━━━ Records for this exercise

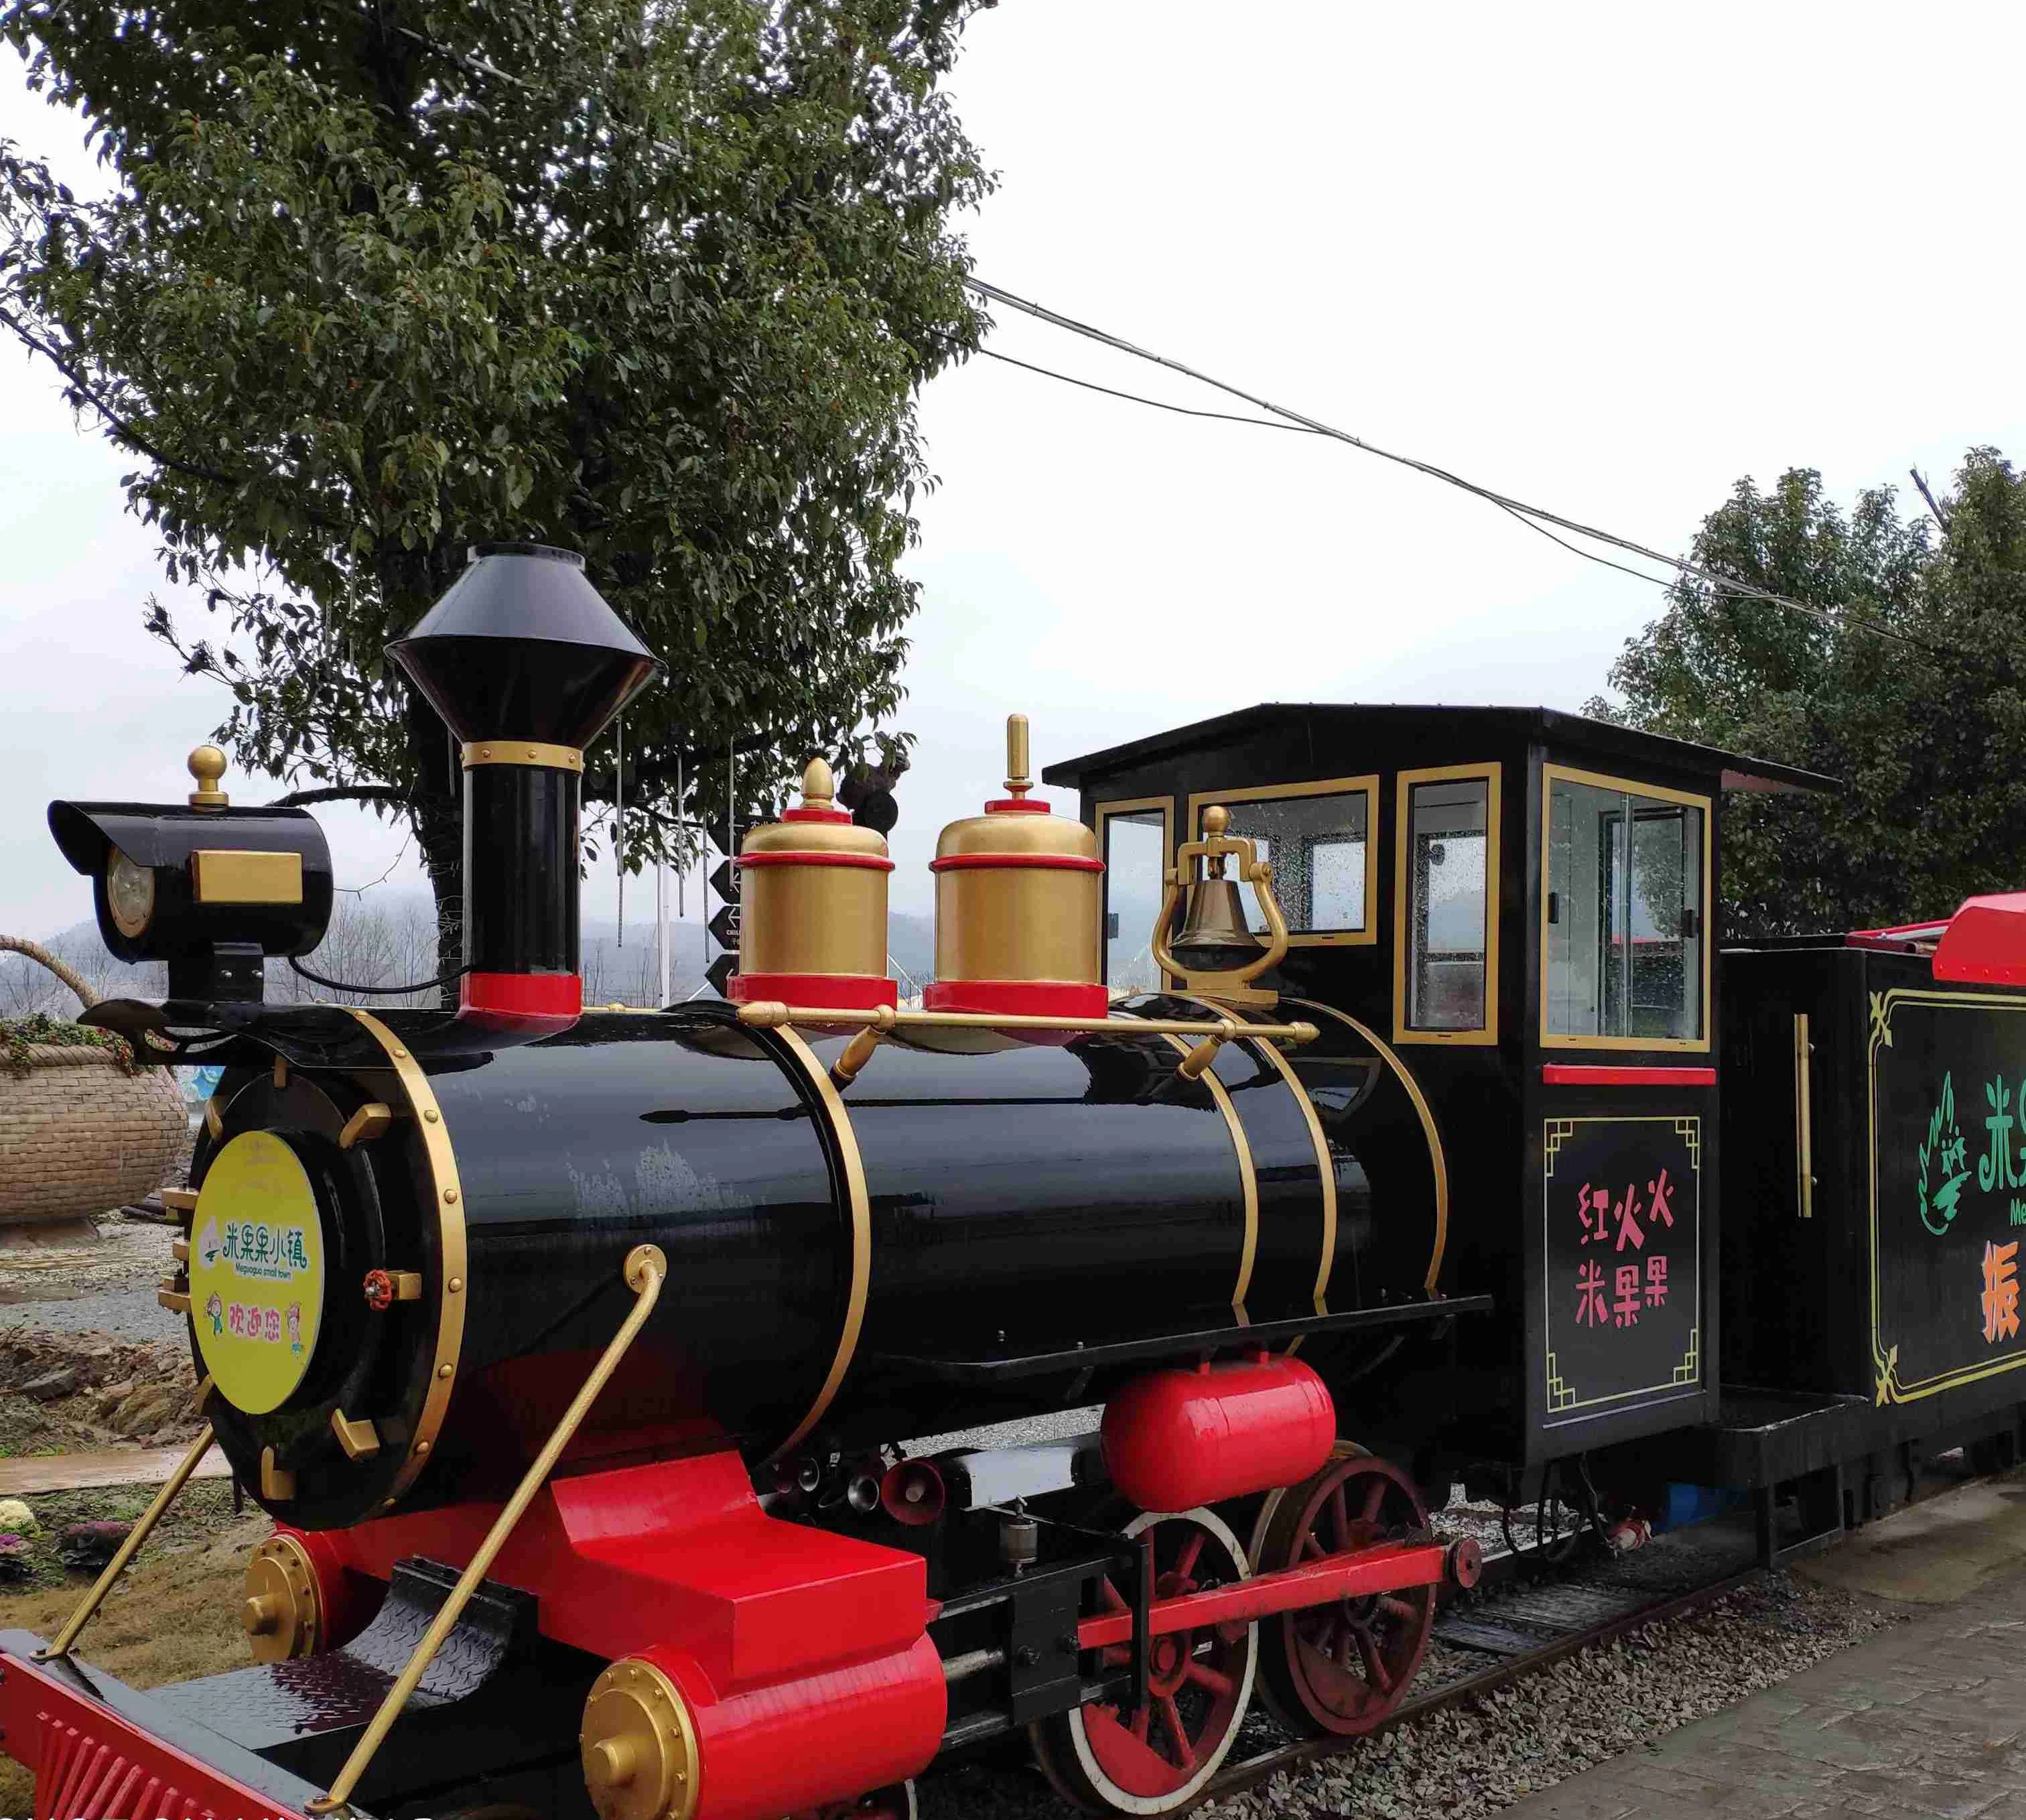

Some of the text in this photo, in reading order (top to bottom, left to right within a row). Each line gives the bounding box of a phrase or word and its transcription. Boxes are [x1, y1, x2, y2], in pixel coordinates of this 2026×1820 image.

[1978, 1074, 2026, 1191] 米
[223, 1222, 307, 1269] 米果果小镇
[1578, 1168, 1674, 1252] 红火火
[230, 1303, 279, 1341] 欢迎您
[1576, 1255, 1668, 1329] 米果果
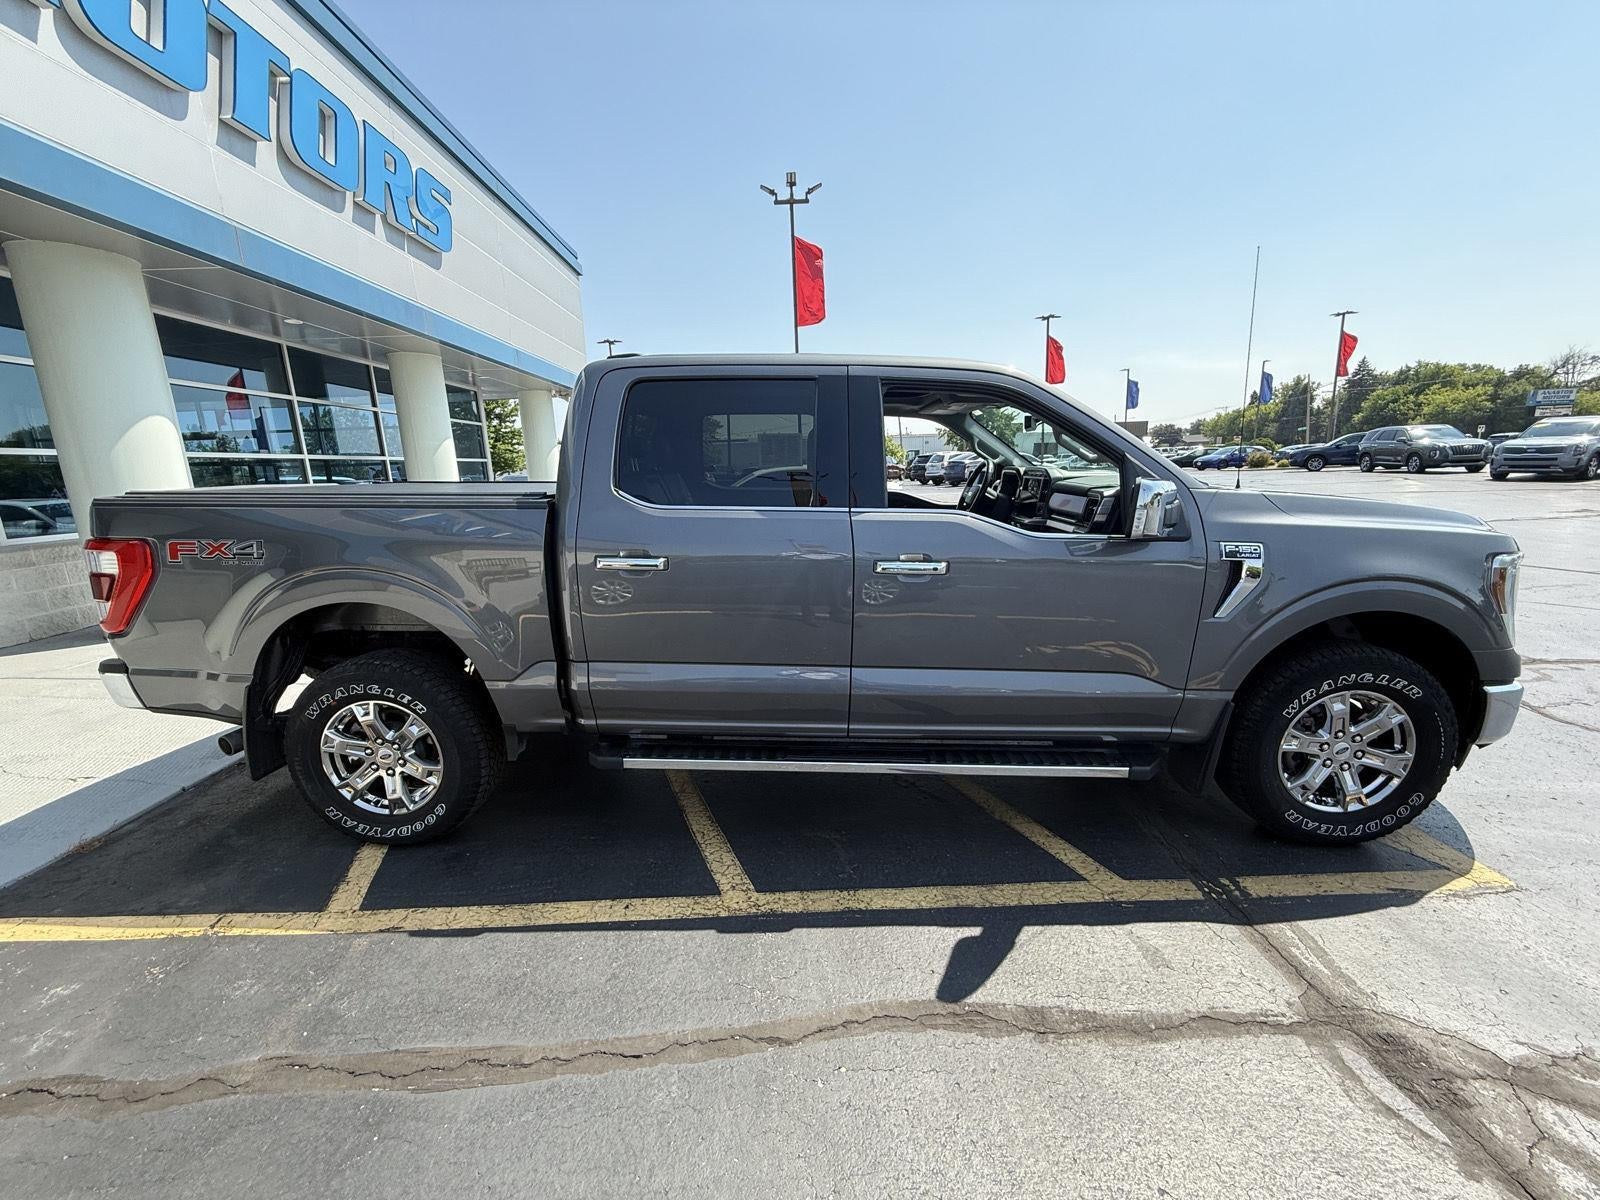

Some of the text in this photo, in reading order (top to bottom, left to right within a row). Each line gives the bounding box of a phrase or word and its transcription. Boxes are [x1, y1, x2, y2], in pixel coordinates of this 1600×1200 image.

━━━━━━

Return every line above word for word, minus images.

Finished task:
Some of the text in this photo, in reading order (top to bottom, left to right within a row). Each line gives the bounding box of a phrase or word and its transcription. Boxes are [x1, y1, x2, y2], in pixel coordinates of this 2026×1820 image.

[1978, 1074, 2026, 1191] 米
[223, 1222, 307, 1269] 米果果小镇
[1578, 1168, 1674, 1252] 红火火
[230, 1303, 279, 1341] 欢迎您
[1576, 1255, 1668, 1329] 米果果

Some of the text in this photo, in reading order (top to bottom, left to right within a row). Each line gives the bounding box of a phrase or word and its transcription. Boxes are [x1, y1, x2, y2], in pixel coordinates of this 1600×1200 image.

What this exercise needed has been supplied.